Mickey Spillane, in any case, is fish in a barrel. I happen to like Spillane (“How could you?” “It was easy”), but you can understand how Chandler would think he debased the culture.  Chandler’s a snob. For our purposes, let’s pick somebody else. Chester Himes. Himes is definitely genre, and Coffin Ed and the Grave Digger don’t fit all that comfortably into Chandler’s “down these mean streets a man must walk who’s not himself mean,” but Himes is giving us Harlem from the native perspective – although Himes seems like an outsider looking in, dispossessed, and always an exile, the books are still unapologetically black.

We see something similar in science fiction and fantasy over the last, say, thirty to forty years.
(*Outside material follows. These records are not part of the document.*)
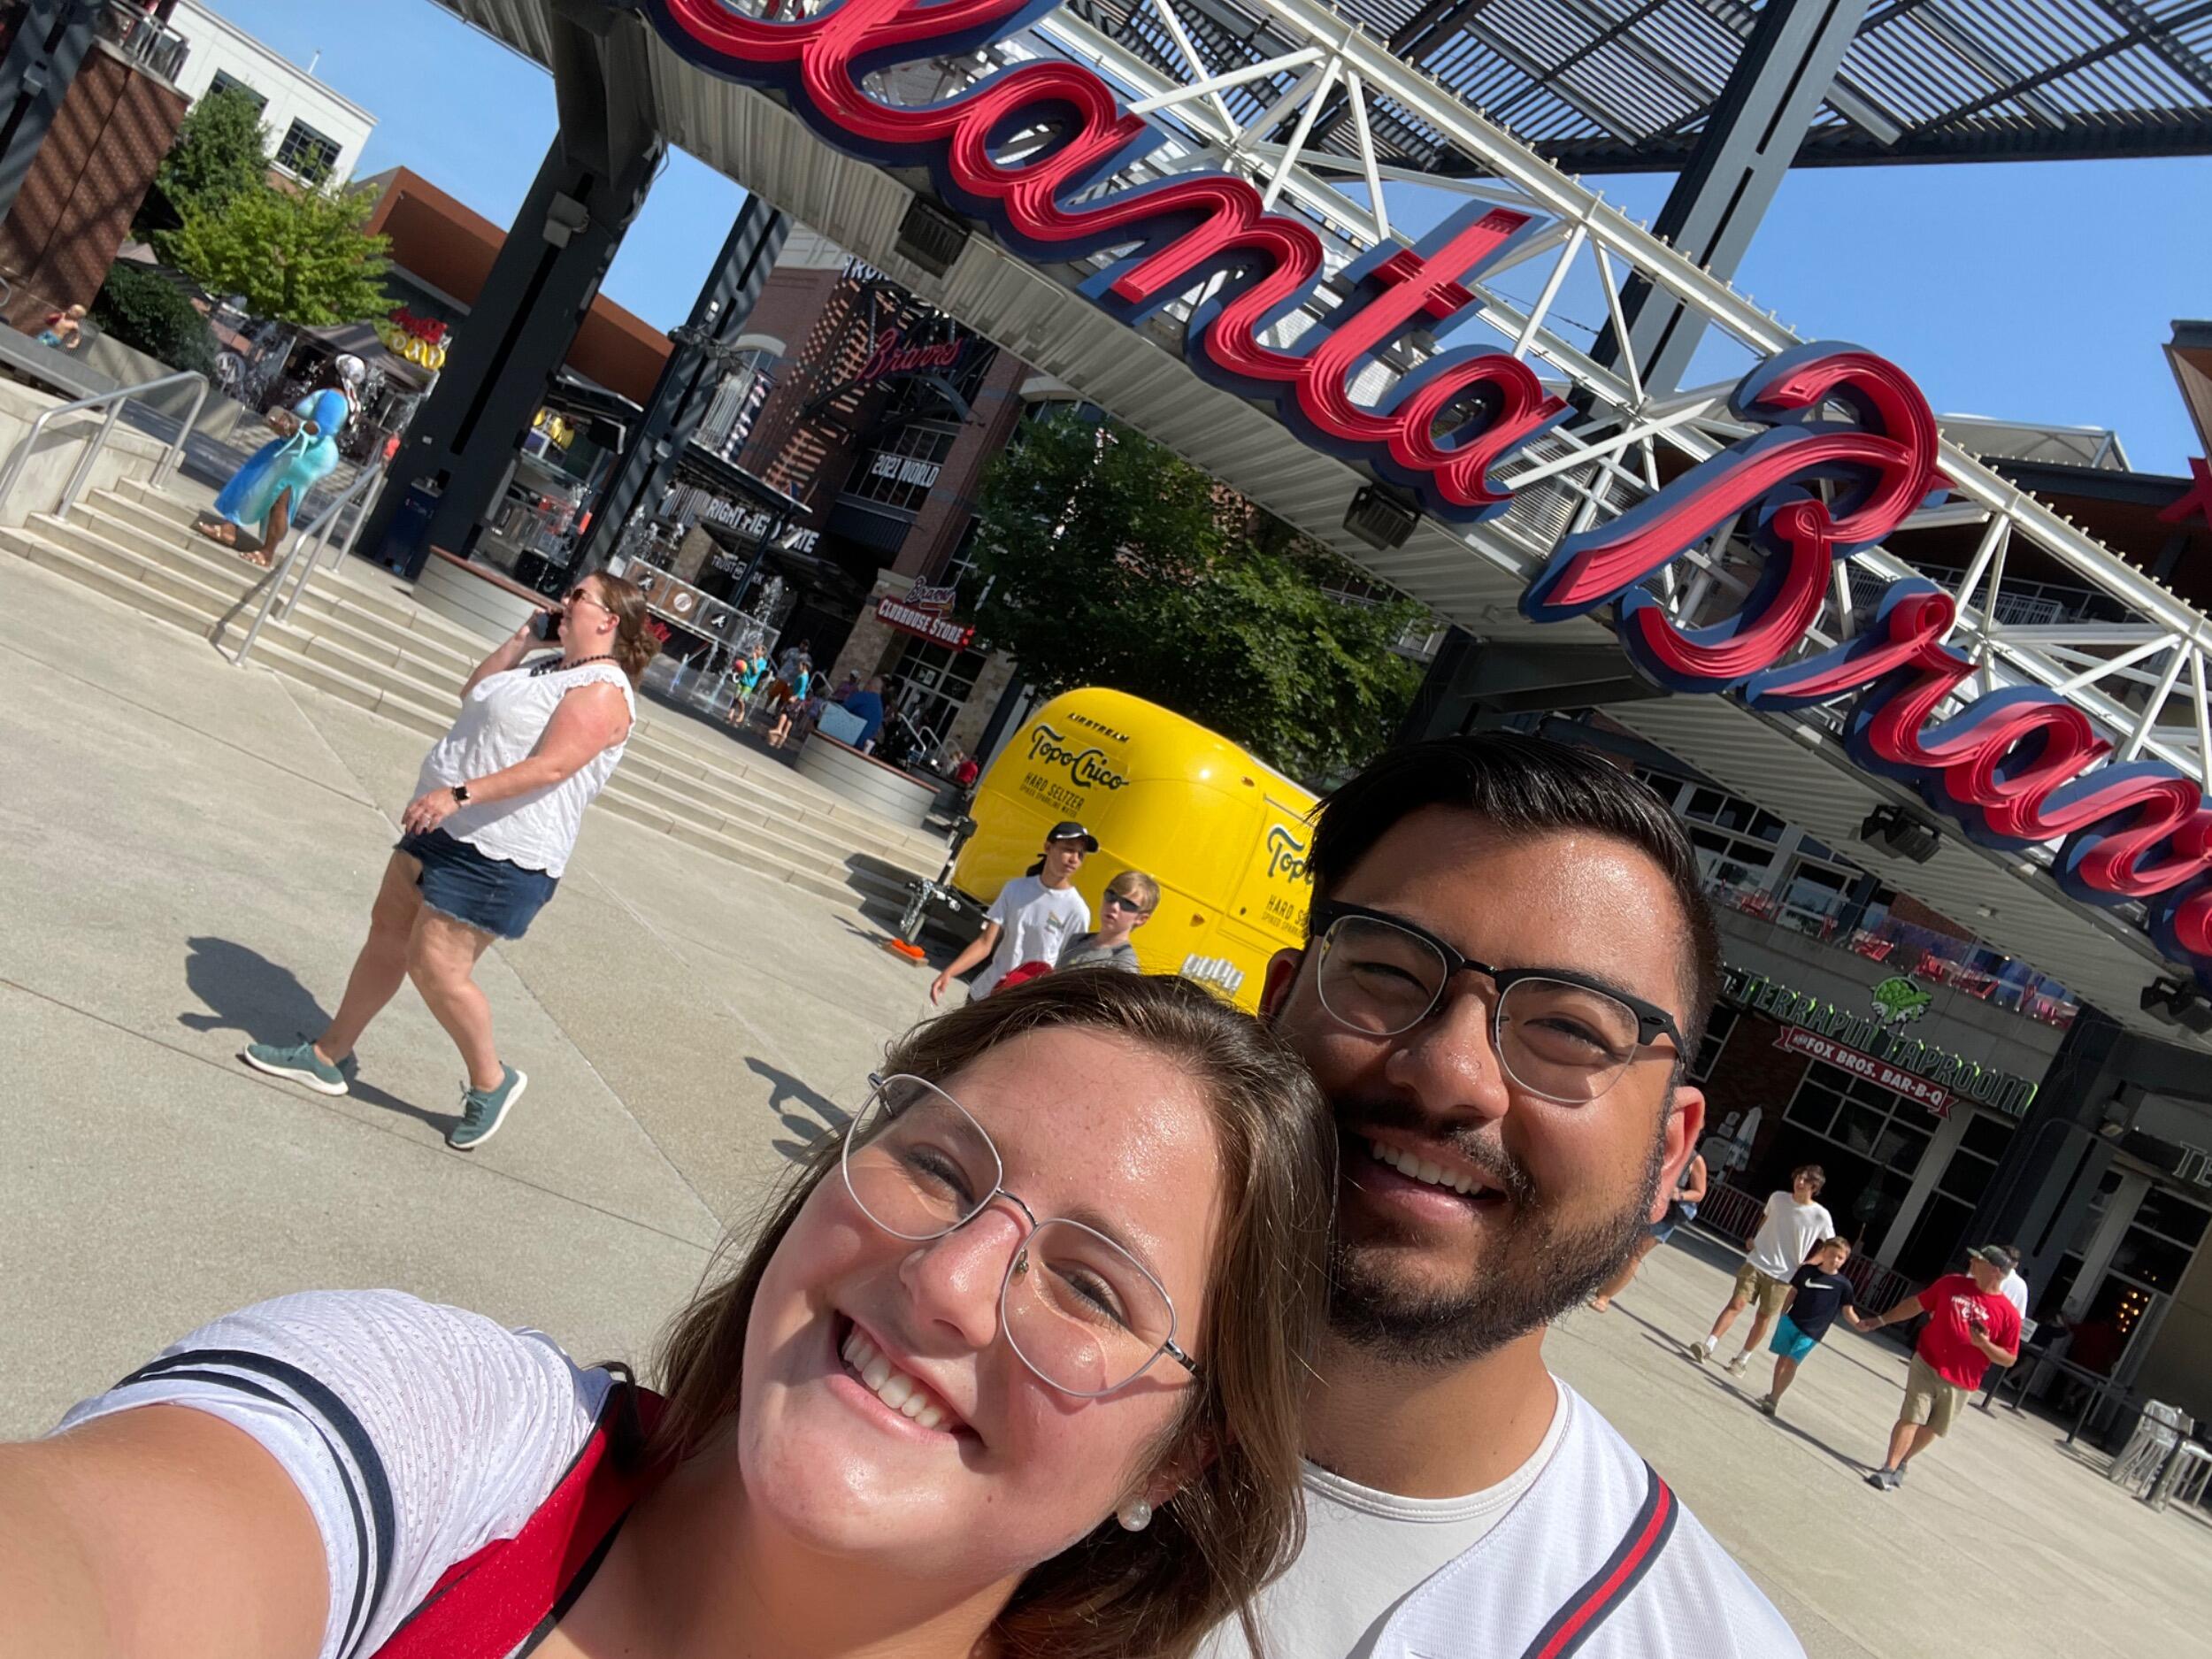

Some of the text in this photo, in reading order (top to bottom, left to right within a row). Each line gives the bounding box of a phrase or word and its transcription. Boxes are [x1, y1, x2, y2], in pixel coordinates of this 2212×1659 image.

[855, 326, 963, 381] Braves
[872, 455, 942, 488] 2021 WORLD
[707, 498, 746, 530] RIGHT
[878, 599, 964, 645] CLUBHOUSE STORE
[1067, 712, 1130, 743] AIRSTREAM
[1027, 724, 1130, 790] Topo Chico
[1024, 772, 1086, 811] HARD SELTZER
[1265, 894, 1294, 920] HARD
[1736, 972, 2039, 1116] TERRAPIN TAPROOM
[1805, 1037, 1833, 1059] FOX
[1835, 1050, 1876, 1079] BROS.
[1880, 1069, 1944, 1107] BAR-B-Q
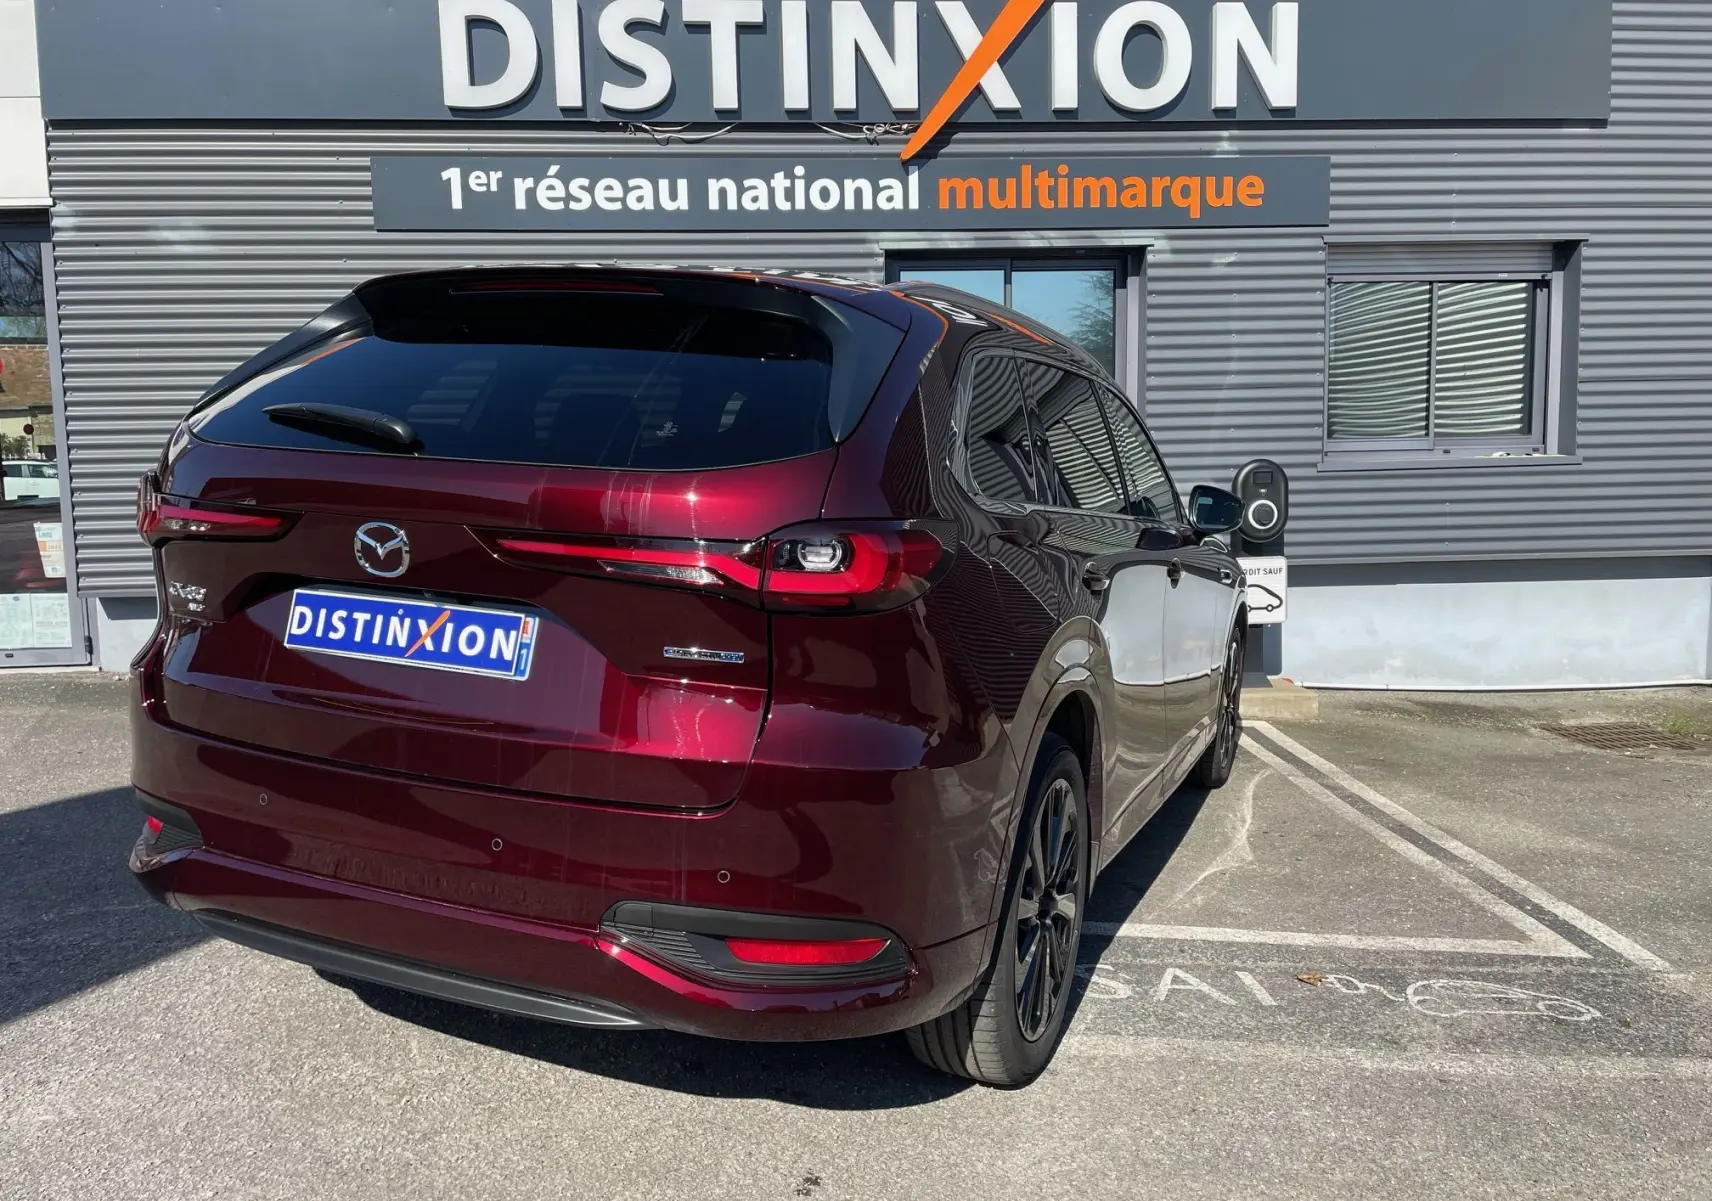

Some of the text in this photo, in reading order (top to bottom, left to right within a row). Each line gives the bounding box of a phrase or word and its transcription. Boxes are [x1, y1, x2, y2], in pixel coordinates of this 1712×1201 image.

There was very much a time when it was boy’s club, and pretty much white boys, too.

Alice Sheldon published as James Tiptree, under the probably accurate assumption that SF readers wouldn’t buy stories by a girl. The community is notoriously cranky and hidebound, for all that they’re supposed to be looking to the future.

Ursula Le Guin made waves with The Left Hand of Darkness (ambiguous genders), and then along comes Chip Delany, not only colored, but queer. Sakes alive, the pearls that got clutched.

The lesson would appear to be, that opening the door to opportunity doesn’t water the whiskey. Our literature, our world, is reinvigorated, even reinvented. This is the purpose of a living language. It undermines orthodoxy, and in an Age of Lies, we could use a few choice words.